Directions for this task: Please reproduce the entries below exactly as they stand, but leave the pictures out.

Data supplied:
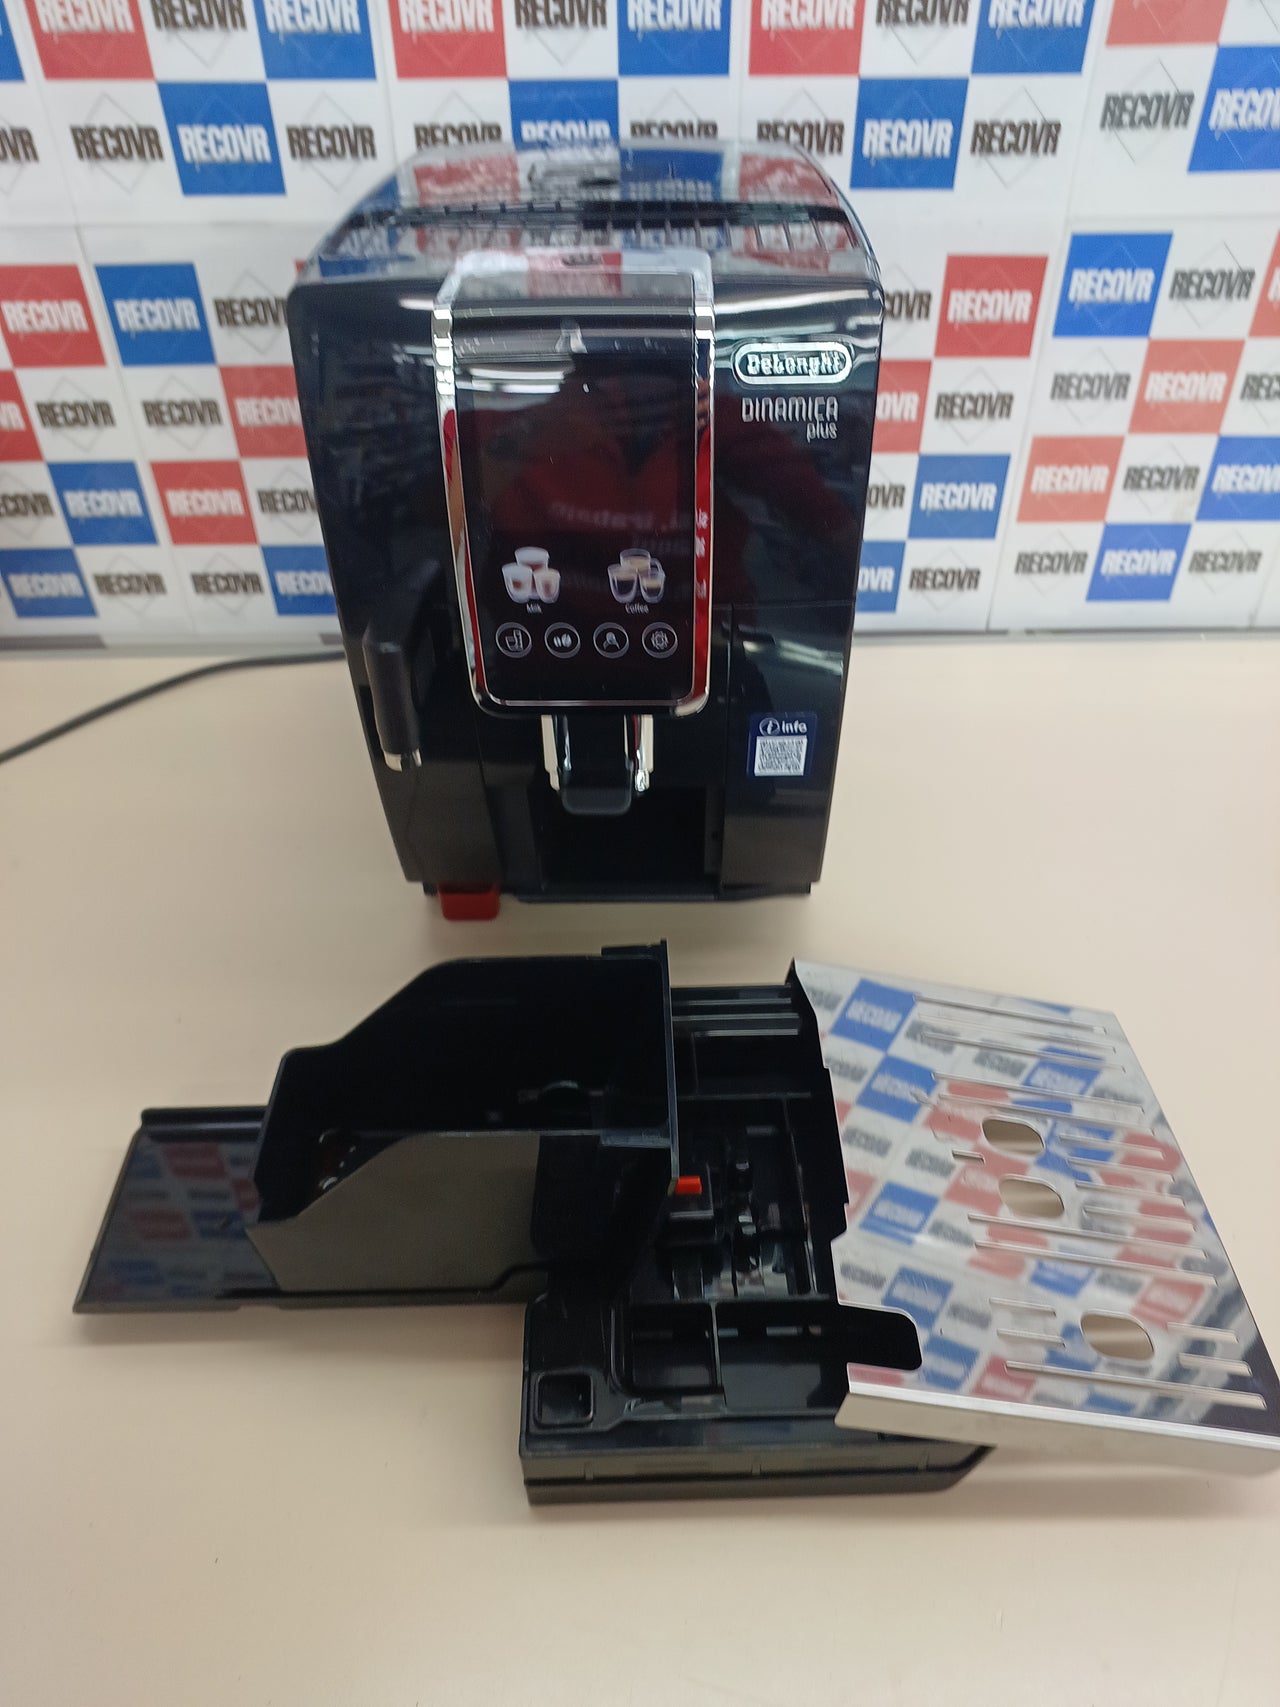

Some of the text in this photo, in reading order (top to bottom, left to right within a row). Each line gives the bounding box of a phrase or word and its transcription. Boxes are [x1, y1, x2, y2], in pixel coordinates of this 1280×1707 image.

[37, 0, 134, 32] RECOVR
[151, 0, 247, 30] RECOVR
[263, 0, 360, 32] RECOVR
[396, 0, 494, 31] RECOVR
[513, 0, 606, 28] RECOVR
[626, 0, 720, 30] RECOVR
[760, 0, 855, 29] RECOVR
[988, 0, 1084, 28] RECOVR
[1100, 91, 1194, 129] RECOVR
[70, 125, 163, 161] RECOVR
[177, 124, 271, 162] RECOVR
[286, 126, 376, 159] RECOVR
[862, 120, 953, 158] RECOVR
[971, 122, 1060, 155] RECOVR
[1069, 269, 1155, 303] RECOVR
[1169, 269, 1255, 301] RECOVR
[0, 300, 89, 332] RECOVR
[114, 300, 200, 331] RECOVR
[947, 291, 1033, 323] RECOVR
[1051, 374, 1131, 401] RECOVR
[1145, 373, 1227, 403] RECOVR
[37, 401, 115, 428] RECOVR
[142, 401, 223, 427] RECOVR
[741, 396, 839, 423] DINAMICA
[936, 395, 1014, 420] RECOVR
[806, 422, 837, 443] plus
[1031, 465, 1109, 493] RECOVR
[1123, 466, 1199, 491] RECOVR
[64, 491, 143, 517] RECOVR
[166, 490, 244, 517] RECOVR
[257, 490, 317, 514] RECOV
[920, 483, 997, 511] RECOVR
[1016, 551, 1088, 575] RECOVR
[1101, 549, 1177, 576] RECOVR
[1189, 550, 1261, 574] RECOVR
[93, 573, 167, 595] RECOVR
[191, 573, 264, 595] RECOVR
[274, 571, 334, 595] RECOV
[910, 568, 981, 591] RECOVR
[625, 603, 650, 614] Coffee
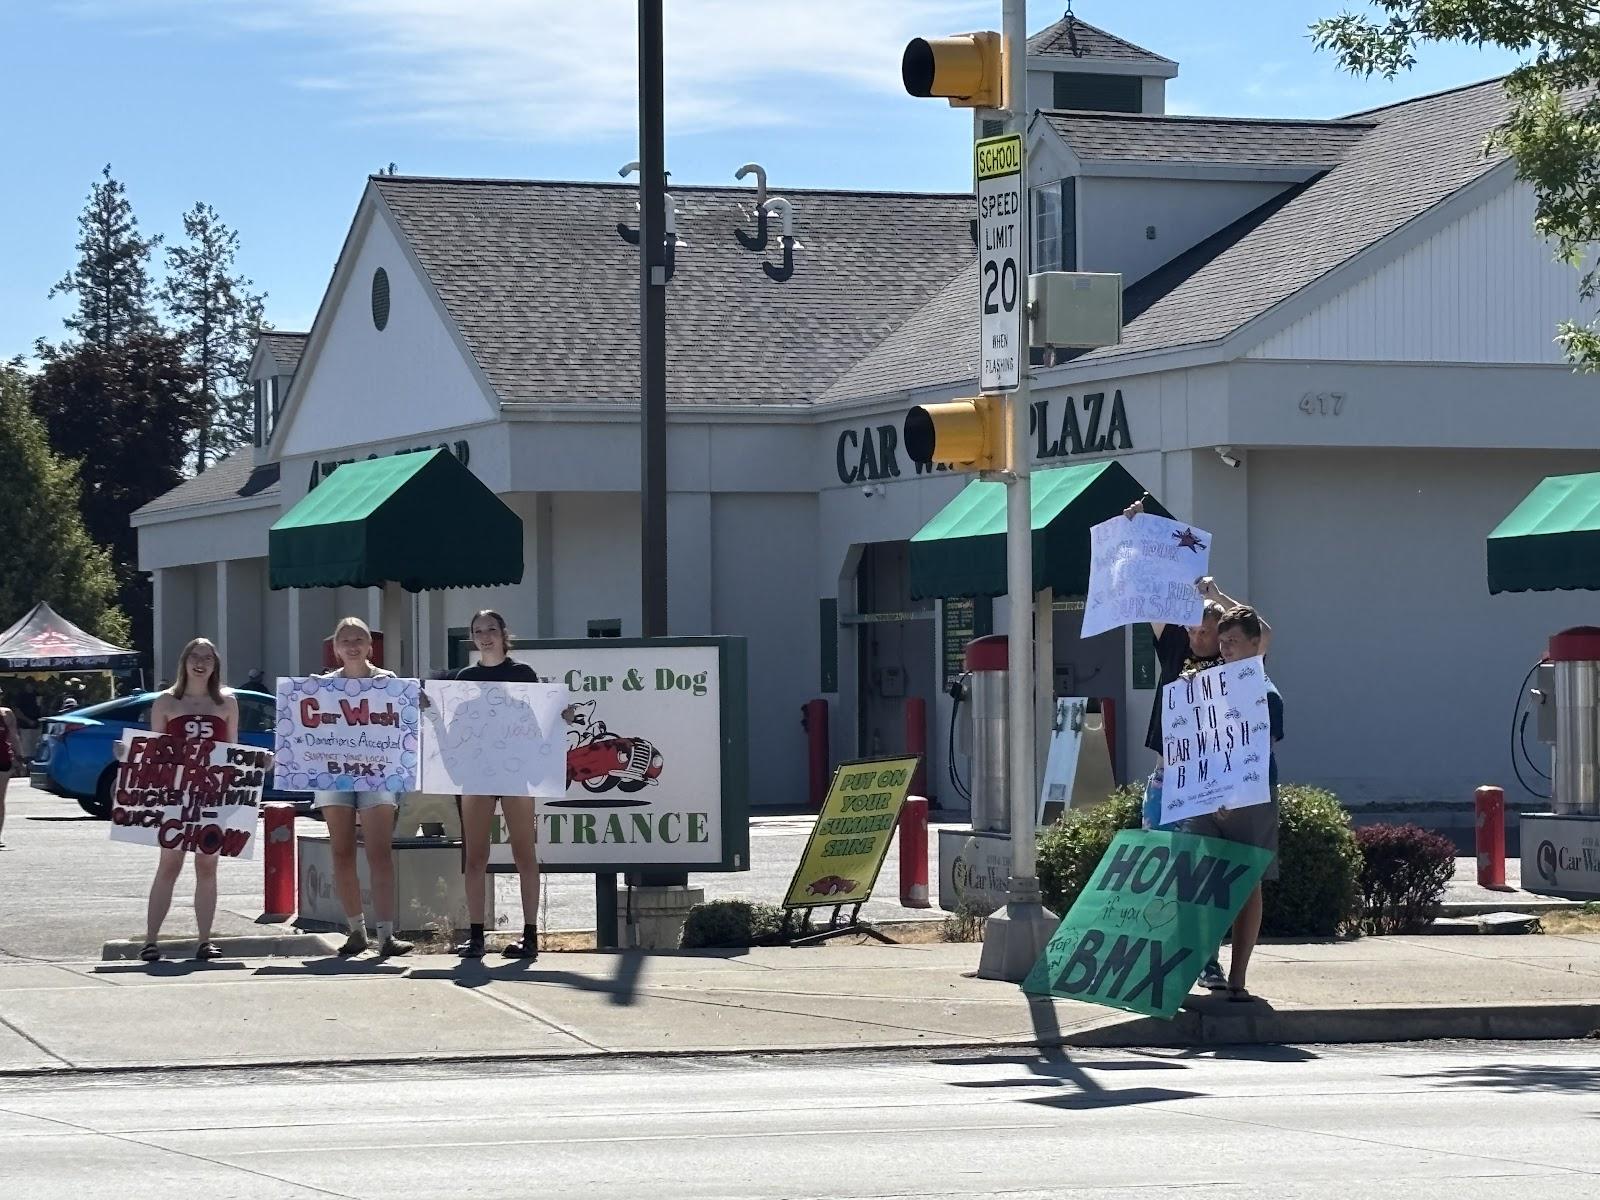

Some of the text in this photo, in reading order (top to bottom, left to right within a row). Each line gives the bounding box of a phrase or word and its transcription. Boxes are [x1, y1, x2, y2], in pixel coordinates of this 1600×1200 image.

Reply:
Some of the text in this photo, in reading order (top to bottom, left to right within a row). Each line gives the bounding box of a phrase or word and its transcription. Boxes are [x1, y1, x2, y2], in pixel coordinates of this 1280×1707 image.

[37, 0, 134, 32] RECOVR
[151, 0, 247, 30] RECOVR
[263, 0, 360, 32] RECOVR
[396, 0, 494, 31] RECOVR
[513, 0, 606, 28] RECOVR
[626, 0, 720, 30] RECOVR
[760, 0, 855, 29] RECOVR
[988, 0, 1084, 28] RECOVR
[1100, 91, 1194, 129] RECOVR
[70, 125, 163, 161] RECOVR
[177, 124, 271, 162] RECOVR
[286, 126, 376, 159] RECOVR
[862, 120, 953, 158] RECOVR
[971, 122, 1060, 155] RECOVR
[1069, 269, 1155, 303] RECOVR
[1169, 269, 1255, 301] RECOVR
[0, 300, 89, 332] RECOVR
[114, 300, 200, 331] RECOVR
[947, 291, 1033, 323] RECOVR
[1051, 374, 1131, 401] RECOVR
[1145, 373, 1227, 403] RECOVR
[37, 401, 115, 428] RECOVR
[142, 401, 223, 427] RECOVR
[741, 396, 839, 423] DINAMICA
[936, 395, 1014, 420] RECOVR
[806, 422, 837, 443] plus
[1031, 465, 1109, 493] RECOVR
[1123, 466, 1199, 491] RECOVR
[64, 491, 143, 517] RECOVR
[166, 490, 244, 517] RECOVR
[257, 490, 317, 514] RECOV
[920, 483, 997, 511] RECOVR
[1016, 551, 1088, 575] RECOVR
[1101, 549, 1177, 576] RECOVR
[1189, 550, 1261, 574] RECOVR
[93, 573, 167, 595] RECOVR
[191, 573, 264, 595] RECOVR
[274, 571, 334, 595] RECOV
[910, 568, 981, 591] RECOVR
[625, 603, 650, 614] Coffee

Some of the text in this photo, in reading order (top to bottom, left to right within a row). Each line gives the bounding box of a phrase or word and its transcription. Boxes are [x1, y1, x2, y2], in pixel coordinates of this 1600×1200 image.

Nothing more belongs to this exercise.